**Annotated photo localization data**
::::::::
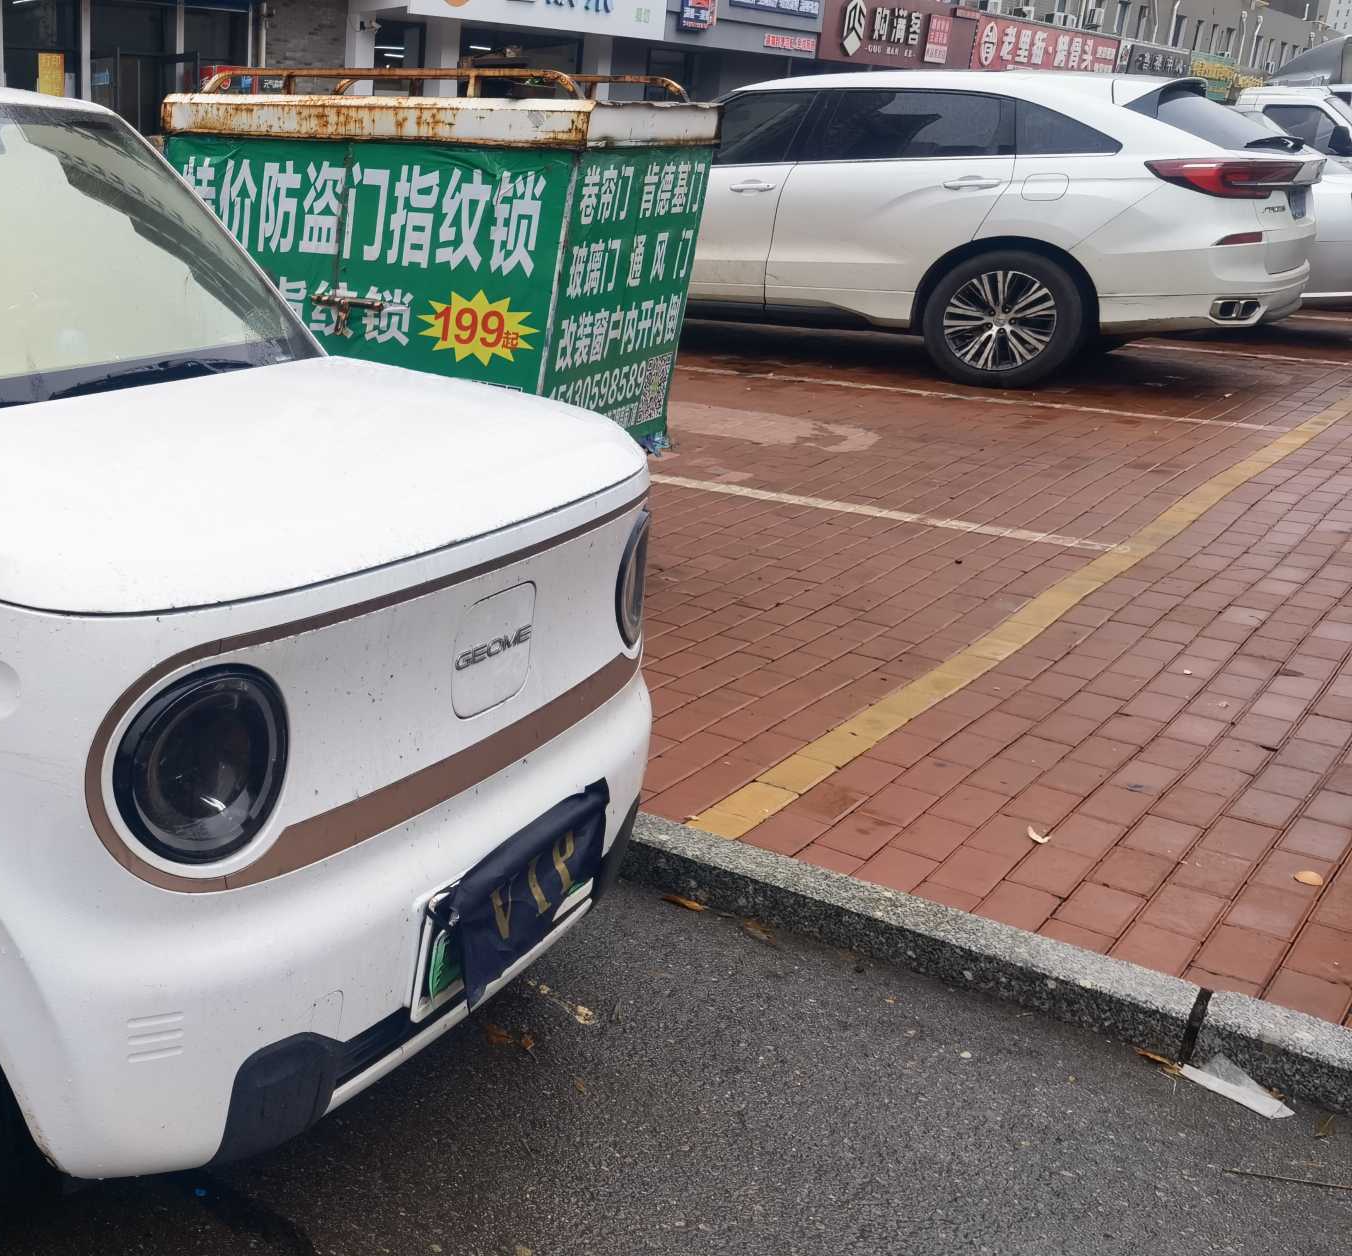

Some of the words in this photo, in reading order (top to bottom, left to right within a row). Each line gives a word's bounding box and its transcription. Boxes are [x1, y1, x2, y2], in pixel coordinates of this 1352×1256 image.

[873, 8, 922, 45] 购满客
[183, 156, 546, 278] 特价防盗门指纹锁
[579, 163, 634, 225] 卷帘门
[639, 161, 705, 219] 肯德基门
[566, 236, 622, 299] 玻璃门
[555, 292, 682, 373] 改装窗户内开内倒
[455, 624, 532, 671] GEOME
[491, 829, 577, 940] VIP
::::::::
**REQUIRED ACTION**
Word for word, repeat all the data, but not its images.

**RESULT BELOW**
Some of the words in this photo, in reading order (top to bottom, left to right within a row). Each line gives a word's bounding box and its transcription. Boxes are [x1, y1, x2, y2], in pixel coordinates of this 1352×1256 image.

[873, 8, 922, 45] 购满客
[183, 156, 546, 278] 特价防盗门指纹锁
[579, 163, 634, 225] 卷帘门
[639, 161, 705, 219] 肯德基门
[566, 236, 622, 299] 玻璃门
[555, 292, 682, 373] 改装窗户内开内倒
[455, 624, 532, 671] GEOME
[491, 829, 577, 940] VIP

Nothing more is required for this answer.